An exact copy of every record, without the pictures, is what should come back.

** Data for this exercise follows **

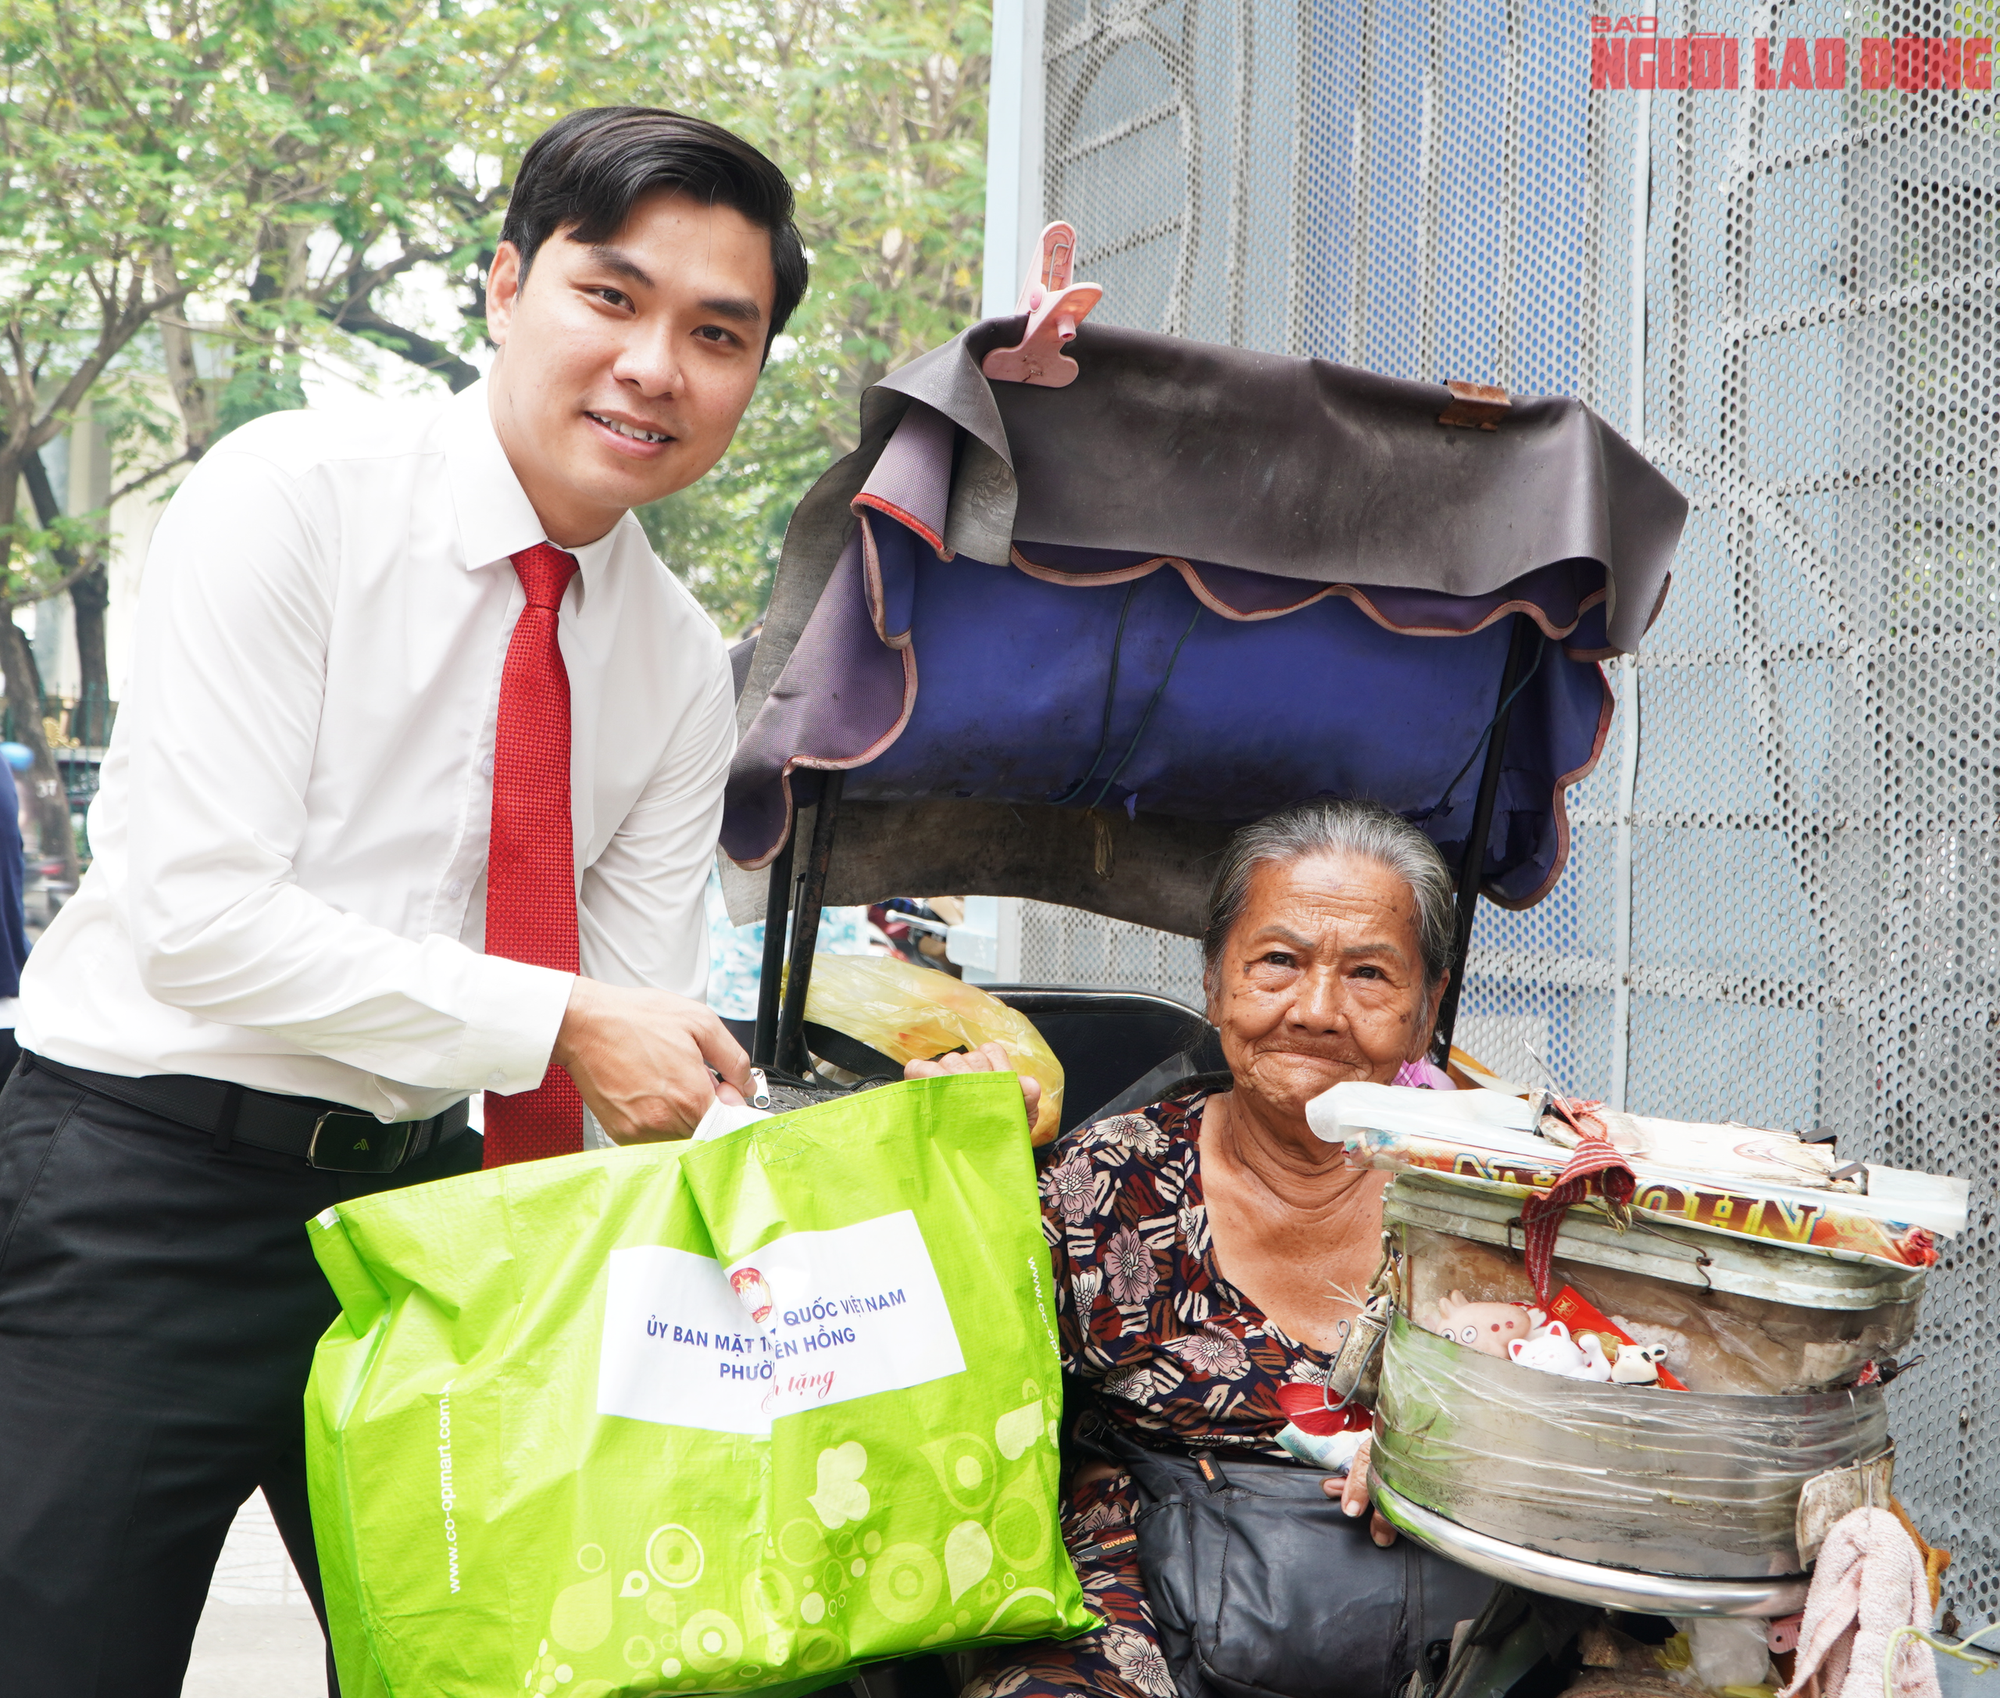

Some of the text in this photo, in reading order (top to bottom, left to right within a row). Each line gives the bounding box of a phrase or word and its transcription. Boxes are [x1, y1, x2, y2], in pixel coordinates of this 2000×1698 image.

[646, 1315, 669, 1339] ỦY
[673, 1327, 708, 1348] BAN
[715, 1333, 755, 1357] MẶT
[783, 1297, 839, 1327] QUỐC
[840, 1295, 865, 1318] VIỆT
[865, 1288, 907, 1312] NAM
[719, 1359, 776, 1381] PHƯỜ
[804, 1323, 857, 1353] HỒNG
[788, 1369, 838, 1400] tặng

** End of Data for this exercise **

§ **Answer box**:
Some of the text in this photo, in reading order (top to bottom, left to right within a row). Each line gives the bounding box of a phrase or word and its transcription. Boxes are [x1, y1, x2, y2], in pixel coordinates of this 2000×1698 image.

[646, 1315, 669, 1339] ỦY
[673, 1327, 708, 1348] BAN
[715, 1333, 755, 1357] MẶT
[783, 1297, 839, 1327] QUỐC
[840, 1295, 865, 1318] VIỆT
[865, 1288, 907, 1312] NAM
[719, 1359, 776, 1381] PHƯỜ
[804, 1323, 857, 1353] HỒNG
[788, 1369, 838, 1400] tặng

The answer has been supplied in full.